Aguiar corrobora com a colega e afirma que a recomendação é ser imunizado, mas ressalta que pacientes com casos de trombose repetidas devem fazer prevenção medicamentosa. “De qualquer forma, procure seu médico. Não há nenhuma norma estabelecida, portanto, quem estiver nesta situação deve conversar com seu especialista antes de tomar qualquer atitude”.

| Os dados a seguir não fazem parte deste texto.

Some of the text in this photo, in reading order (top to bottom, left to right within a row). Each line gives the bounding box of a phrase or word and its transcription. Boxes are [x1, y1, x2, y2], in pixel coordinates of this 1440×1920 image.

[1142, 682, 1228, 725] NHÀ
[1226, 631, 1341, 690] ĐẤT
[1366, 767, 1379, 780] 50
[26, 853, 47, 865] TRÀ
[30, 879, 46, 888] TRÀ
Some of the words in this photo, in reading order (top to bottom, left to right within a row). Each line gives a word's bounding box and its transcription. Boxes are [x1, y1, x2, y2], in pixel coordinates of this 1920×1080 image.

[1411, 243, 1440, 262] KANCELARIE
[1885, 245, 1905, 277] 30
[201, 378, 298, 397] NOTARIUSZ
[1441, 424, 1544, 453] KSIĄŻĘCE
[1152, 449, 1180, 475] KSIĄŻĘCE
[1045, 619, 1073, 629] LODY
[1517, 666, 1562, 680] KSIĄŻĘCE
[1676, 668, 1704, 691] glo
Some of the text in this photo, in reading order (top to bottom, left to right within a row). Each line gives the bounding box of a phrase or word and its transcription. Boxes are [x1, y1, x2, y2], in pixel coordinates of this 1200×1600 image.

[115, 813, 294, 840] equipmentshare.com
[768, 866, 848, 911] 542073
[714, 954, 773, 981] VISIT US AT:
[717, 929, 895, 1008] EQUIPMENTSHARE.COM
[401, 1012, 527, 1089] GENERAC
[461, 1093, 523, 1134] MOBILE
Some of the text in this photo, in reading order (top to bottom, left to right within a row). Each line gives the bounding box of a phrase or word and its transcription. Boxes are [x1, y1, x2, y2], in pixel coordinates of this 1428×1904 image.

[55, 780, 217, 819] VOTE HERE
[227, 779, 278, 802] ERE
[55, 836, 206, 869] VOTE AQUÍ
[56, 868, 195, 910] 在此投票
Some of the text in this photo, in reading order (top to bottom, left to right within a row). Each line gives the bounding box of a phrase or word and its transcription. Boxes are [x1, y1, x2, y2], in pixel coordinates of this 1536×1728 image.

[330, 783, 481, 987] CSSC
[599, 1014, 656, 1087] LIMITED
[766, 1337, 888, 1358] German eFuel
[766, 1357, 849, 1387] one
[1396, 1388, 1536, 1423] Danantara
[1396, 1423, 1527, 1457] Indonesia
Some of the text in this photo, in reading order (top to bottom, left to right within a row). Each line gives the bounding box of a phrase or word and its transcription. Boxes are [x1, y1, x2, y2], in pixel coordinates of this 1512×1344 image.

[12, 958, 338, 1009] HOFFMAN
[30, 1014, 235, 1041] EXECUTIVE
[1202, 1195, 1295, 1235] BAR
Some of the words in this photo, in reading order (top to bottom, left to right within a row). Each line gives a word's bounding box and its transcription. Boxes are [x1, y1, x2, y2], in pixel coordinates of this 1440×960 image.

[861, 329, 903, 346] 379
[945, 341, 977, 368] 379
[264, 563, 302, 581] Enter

Muito se fala também sobre os anticoncepcionais aumentarem as chances de mulheres desenvolverem trombose e, como confirma Aguiar, isso não é mito. Mas, de acordo com o médico, se a paciente já toma anticoncepcional e nunca teve problemas, provavelmente não terá em caso de contrair COVID-19. “Entretanto, tudo isso é muito novo para afirmar e a paciente deve conversar com seu médico. Agora, a associação de anticoncepcional e vacina anti-COVID é difícil prever. Se o imunizante usado é um dos relacionados a eventos trombóticos e a mulher estiver em uso de anticoncepcional juntam-se dois fatores de risco. Será que vale a pena fazer uma prevenção medicamentosa? Será melhor suspender o anticoncepcional e adiar a vacina? Adiar por quanto tempo? Ainda não há respostas a essas perguntas e cada médico, junto ao seu paciente, deve decidir o melhor”, defende Aguiar.
Marina reforça que ainda não existe uma recomendação para suspensão do uso de anticoncepcional antes de receber a vacina e também não é indicado abster-se da vacinação quando em uso deste método anticontraceptivo. “O benefício da vacinação é alto, pela redução no risco de hospitalização, de doença grave e morte, com eficácia entre 70% e 90%, dependendo do laboratório. Pela incidência pequena, não justifica não tomar a vacina por medo da trombose”, assegura a angiologista.